During the early-to-mid 1970s, Peterson won almost every professional surfing event on the Australian continent, including national titles in ‘72 and ‘74, three consecutive Bells Beach titles (starting in 1973), the Coca Cola Surf Bout in 1974 (then the richest event in the history of the sport), and lastly the Stubbies Pro in 1977, which was the first man-on-man surfing event and the last contest he would ever win.
Peterson mostly disappeared after the event. His yet-to-be-diagnosed paranoid schizophrenia had become too overwhelming to bear in public, and caused Peterson, who had always been known for his reclusive tendencies, to shut off from the world entirely. He spent the next few years living in quiet corners along Australia’s east coast.
Peterson’s disease came to a head in August of 1983, when–on a roadtrip to Noosa–the sound of police sirens sent Michael’s schizophrenia into hyperdrive. Peterson began driving frantically to escape the sirens, which–as was later discovered–he believed were alien spaceships out to get him.
Having ample experience in high-speed automobiles, Peterson delivered a wonderful highway chase, which necessitated 20 cop cars on his tail and another 15 to create an impassable roadblock on the Story Bridge near Brisbane. That roadblock proved effective, and Peterson was forced out of his car and arrested for his actions. After hearing his alien account, the police assumed Peterson had been driving under the influence of drugs, when in reality he was suffering deeply from his mental disorder.
After some time in prison, Joan Peterson was able to convince a judge that her eldest son was mentally ill and needed to be put in a psychiatric ward rather than a jail cell. It was only then that Peterson’s disease was officially diagnosed, which led to heavy medication and electric shock therapy, until eventually Michael was released to live with his mother and never to surf, or drive, again.
After reaching three-times his usual bodyweight, Michael Peterson died of a heart attack at age 59 in his Tweeds Head, New South Wales home, just across the river from his childhood stomping grounds on Queensland’s Gold Coast.
All of that was just a brief introduction to the man, myth, and legend of Michael Peterson. If you’d like to know MP’s full story, or at least the most detailed account of his existence that will ever be compiled, you must read Sean Doherty’s MP: The Life of Michael Peterson.
Peterson cast a mysterious shadow in the surfing world–revered for his surf abilities, admired for his natural good looks, but never seemingly at home. Michael Peterson photo.

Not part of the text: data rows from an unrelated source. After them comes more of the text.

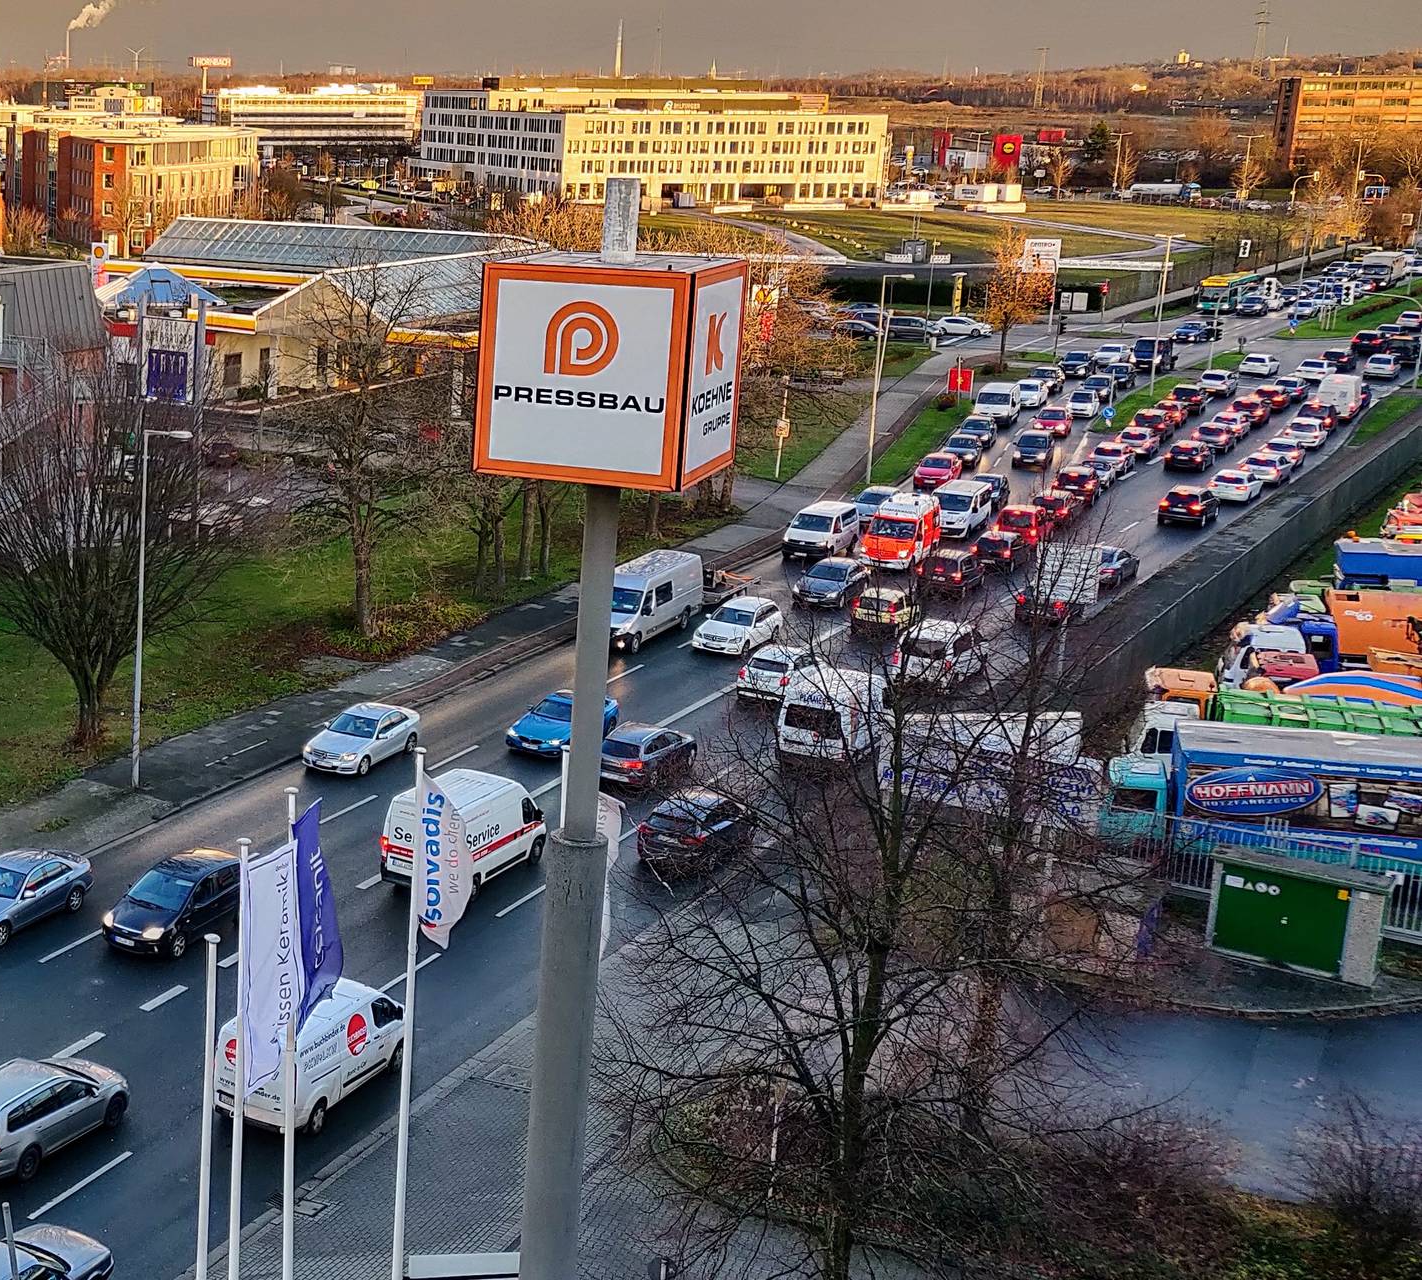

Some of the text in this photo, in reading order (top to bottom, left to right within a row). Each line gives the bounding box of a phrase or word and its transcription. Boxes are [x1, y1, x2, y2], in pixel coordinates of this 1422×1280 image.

[196, 56, 232, 67] HORNBACH
[493, 385, 665, 414] PRESSBAU
[691, 381, 733, 417] KOEHNE
[702, 412, 731, 437] GRUPPE
[1196, 782, 1310, 798] HOFFMANN
[1202, 796, 1307, 808] NUTZFAHRZEUGE
[466, 823, 500, 850] Service
[444, 850, 459, 869] do
[449, 873, 459, 895] we
[277, 874, 292, 968] Keramik
[299, 1023, 346, 1058] www.buchbinder.de

In the book, Doherty–a noted surf journalist and family friend of the Petersons–was tasked with chronicling all the incredible moments and mishaps that defined Peterson – a surfer once considered the best in the world, who fell off the face of the earth when consumed by a misunderstood mental illness.
I recently spoke with Doherty to see what he learned about Peterson, drugs, society, and disease when doing the extensive research for this book, and how that has shaped his ideas of the world today. Surfing’s de facto historian, Matt Warshaw, and four-time World Champion Mark Richards – who surfed against Michael in the finals of that famous Stubbies event – also shared some thoughts along the way.
Doherty: You wouldn’t see a lot of him, because he would rarely go outside after everything happened, and even before that he always hated cameras, so all we had to go off were all of these outrageous stories. Many of them were based around his surfing, but mostly it was Michael’s darkness out of the water that got talked about – the drug taking, the car chase, etc. He became a cult figure. Like a dead rock star, but he wasn’t dead. He was just living at his mum’s house.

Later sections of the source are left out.